Una lotta che, a gennaio, è arrivata fino a Bruxelles. In presidio davanti al Parlamento europeo, più di 40 i rappresentanti dell’azienda, tra dipendenti e rappresentanti sindacali, si sono riuniti indossando una t-shirt rossa con su scritto “La Perla. Storia Presente Futuro”.

Nella Capitale Belga le dipendenti e i loro rappresentanti sindacali sono state ricevute al Parlamento europeo per discutere della vertenza che riguarda il fallimento del brand e delle sue implicazioni internazionali. Il dito è puntato contro Tennor, il fondo olandese gestito dal finanziere tedesco Lars Windhorst, che dal 2018 possiede l’azienda. L’accusa principale portata avanti da queste lavoratrici è quella di finanza speculativa che, come ricorda Pisani «riguarda tutte le altre aziende alle prese con una situazione analoga a quella de La Perla, acquistate da fondi internazionali che promettono finanziamenti che non si realizzano e che sfuggono dal confronto con le istituzioni».

Sembra, infatti, che il fondo olandese stia cercando di mettere la parola fine alla storia del brand bolognese. Anche l’ultimo store di La Perla, in via Bocca di Leone a Roma, è stato chiuso a dicembre, ma questa battaglia declinata al femminile non si fermerà facilmente.

«Nella sede de La Perla di Bologna siamo circa 300 dipendenti e non riceviamo lo stipendio da ottobre - racconta Stefania Prestopino, grafica digitale del brand - Se la nostra azienda finisse nelle mani giuste avrebbe tantissimo da offrire in termini di ricchezza e di lavoro. In questo momento stanno distruggendo un’azienda storica, un patrimonio che non è riproducibile perché per imparare un certo tipo di lavorazioni ci vogliono degli anni».
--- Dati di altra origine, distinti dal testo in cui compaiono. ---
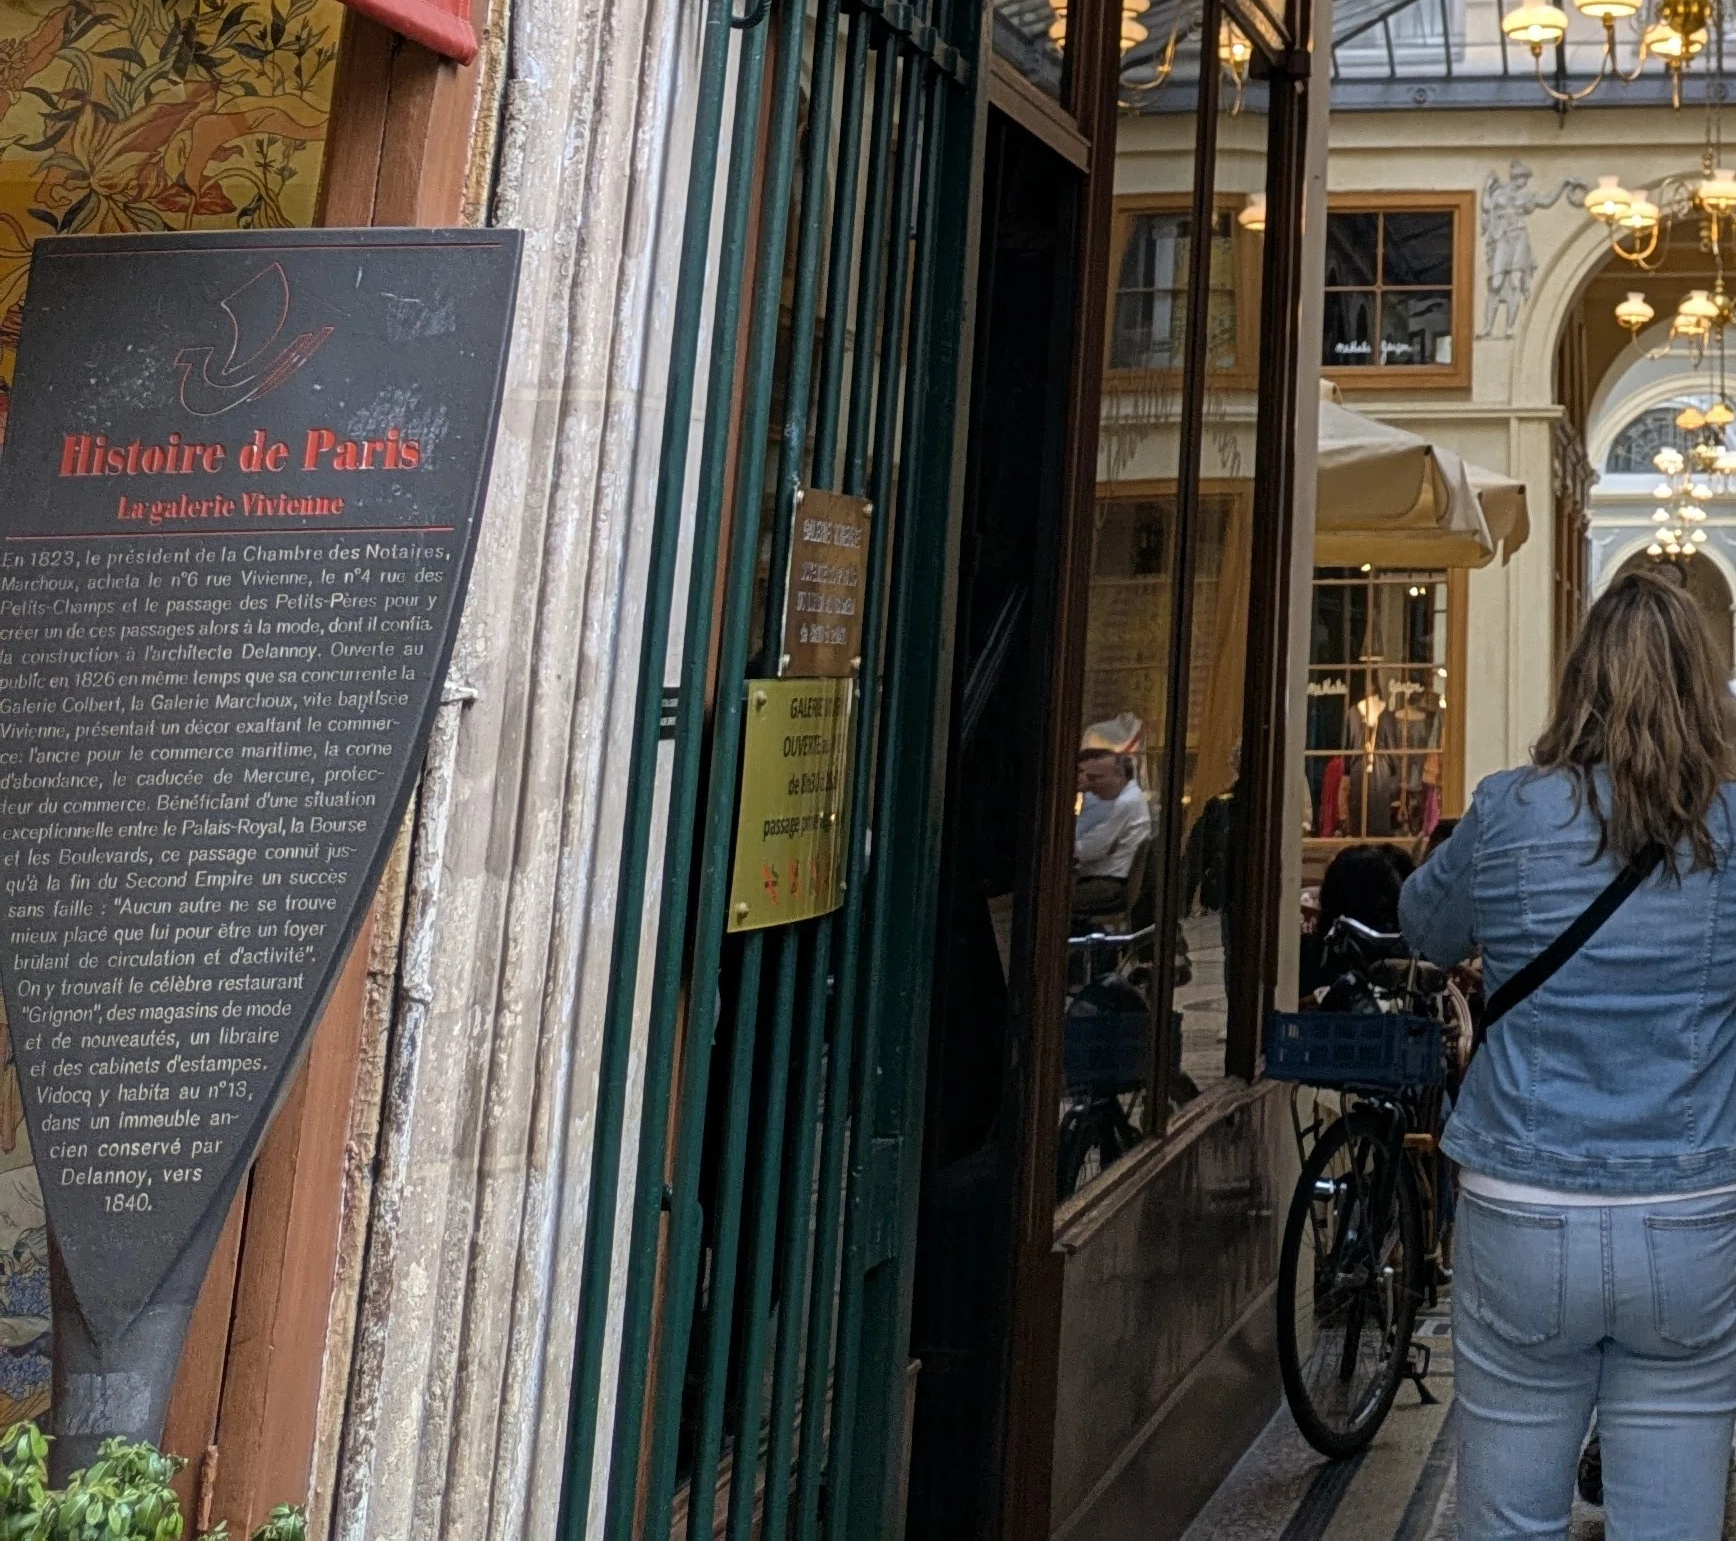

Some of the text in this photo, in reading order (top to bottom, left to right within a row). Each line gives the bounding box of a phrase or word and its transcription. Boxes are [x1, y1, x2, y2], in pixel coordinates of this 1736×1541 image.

[58, 427, 421, 477] Histoire de Paris
[117, 491, 345, 524] La galerie Vivienne
[1, 552, 25, 569] En
[85, 549, 102, 567] le
[195, 547, 217, 564] de
[220, 546, 237, 563] la
[243, 545, 324, 563] Chambre
[328, 544, 362, 561] des
[206, 575, 233, 588] rue
[321, 568, 337, 585] le
[414, 567, 444, 584] des
[144, 597, 160, 613] le
[165, 599, 233, 616] passage
[239, 595, 269, 611] des
[384, 596, 420, 612] pour
[425, 595, 439, 612] y
[66, 622, 86, 640] de
[120, 624, 196, 641] passages
[198, 619, 240, 636] alors
[257, 618, 273, 635] la
[330, 641, 396, 658] Ouverte
[403, 644, 425, 657] au
[49, 676, 70, 689] en
[75, 671, 116, 688] 1826
[193, 670, 242, 688] temps
[245, 671, 276, 689] que
[0, 698, 58, 715] Galerie
[150, 694, 210, 711] Galerie
[303, 692, 333, 708] vite
[236, 717, 302, 734] exaltant
[307, 716, 323, 733] le
[86, 750, 122, 767] pour
[129, 745, 145, 762] le
[150, 747, 235, 761] commerce
[345, 743, 393, 757] corne
[213, 768, 234, 785] de
[38, 797, 59, 815] du
[304, 790, 377, 808] situation
[2, 822, 114, 843] exceptionnelle
[118, 821, 159, 838] entre
[290, 817, 306, 834] la
[310, 816, 368, 834] Bourse
[27, 848, 52, 867] les
[160, 849, 181, 863] ce
[187, 848, 258, 866] passage
[46, 874, 62, 892] la
[70, 873, 91, 891] fin
[98, 872, 119, 891] du
[125, 871, 189, 890] Second
[194, 870, 254, 891] Empire
[7, 905, 46, 919] sans
[53, 899, 94, 918] faille
[178, 897, 222, 914] autre
[229, 899, 250, 913] ne
[285, 895, 338, 912] trouve
[10, 931, 58, 944] mieux
[113, 928, 145, 946] que
[149, 923, 171, 941] lui
[174, 926, 214, 944] pour
[284, 920, 328, 942] foyer
[78, 952, 100, 970] de
[107, 950, 196, 968] circulation
[203, 948, 222, 966] et
[17, 974, 305, 998] On trouvait le célèbre restaurant
[106, 1004, 138, 1022] des
[139, 1005, 219, 1024] magasins
[221, 1000, 243, 1019] de
[246, 999, 293, 1018] mode
[51, 1032, 73, 1050] de
[219, 1027, 280, 1045] libraire
[52, 1058, 84, 1077] des
[89, 1057, 161, 1076] cabinets
[37, 1086, 93, 1107] Vidocq
[117, 1083, 171, 1102] habita
[178, 1086, 202, 1101] au
[41, 1114, 82, 1132] dans
[90, 1116, 111, 1131] un
[49, 1139, 224, 1159] cien conservé par
[163, 1168, 204, 1183] vers
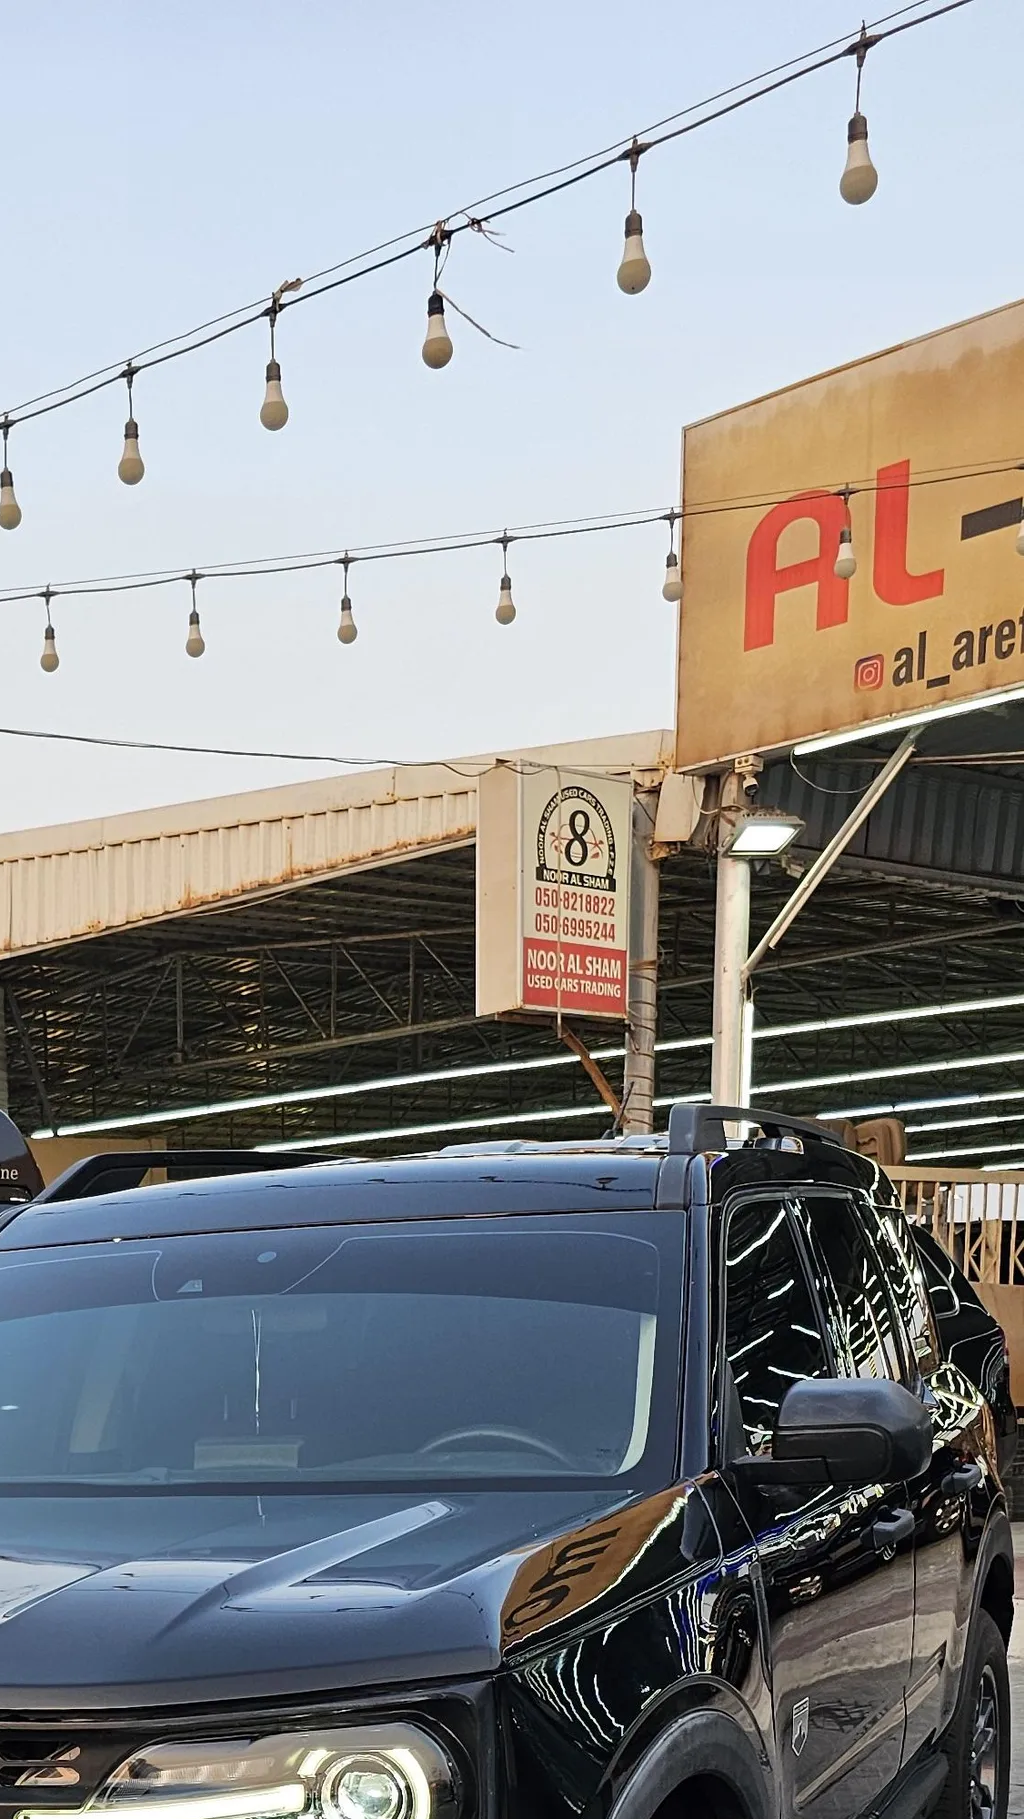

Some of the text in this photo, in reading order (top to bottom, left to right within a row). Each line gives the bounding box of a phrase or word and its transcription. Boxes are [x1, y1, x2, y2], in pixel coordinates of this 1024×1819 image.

[539, 818, 548, 833] AL
[578, 790, 596, 807] CARS
[595, 803, 613, 845] TRADING
[564, 809, 590, 867] 8
[543, 868, 609, 890] NOR AL SHAM
[535, 887, 616, 917] 050-8218822
[527, 948, 622, 980] NOOR AL SHAM
[527, 974, 621, 998] USED CARS TRADING
Fondata a Bologna dalla stilista Ada Masotti nel 1954, La Perla non tarda a diventare una delle più importanti aziende di lusso italiane, contando da sempre sulla maestria tessile delle proprie sarte che realizzavano una preziosa corsetteria di sete e tessuti lavorati a mano. Alla morte della fondatrice l’azienda passa nelle mani del figlio, Alberto Masotti, che, come racconta Prestopino, «aveva istituito una vera e propria scuola al suo interno, in cui le ragazze imparavano le lavorazioni tessili, generando un ricambio generazionale».

Masotti porta avanti il marchio fino al 2008, quando la crisi finanziaria colpisce il Paese, e lui decide di vendere La Perla al fondo americano Jh Partners, che dopo vari tentativi di rilancio, ha ceduto la società a sua volta nel 2013. L’acquisto da parte dall’imprenditore Silvio Scaglia sembra inizialmente poter sancire il rilancio dell’azienda, ma dopo pochi anni, nel 2018, a seguito dell’ennesimo fallimento finanziario, La Perla viene rimessa sul mercato e acquistata dalla società olandese Sapinda Holding (oggi Tennor), di proprietà dell’investitore tedesco Lars Windhorst.

L’azienda si è trovata vittima dello stesso destino di molti altri brand di lusso italiani, inizialmente caratterizzati dall’unicità artigianale locale che non viene compresa dai grandi investitori esteri che li acquistano e li ripropongono sul mercato globale.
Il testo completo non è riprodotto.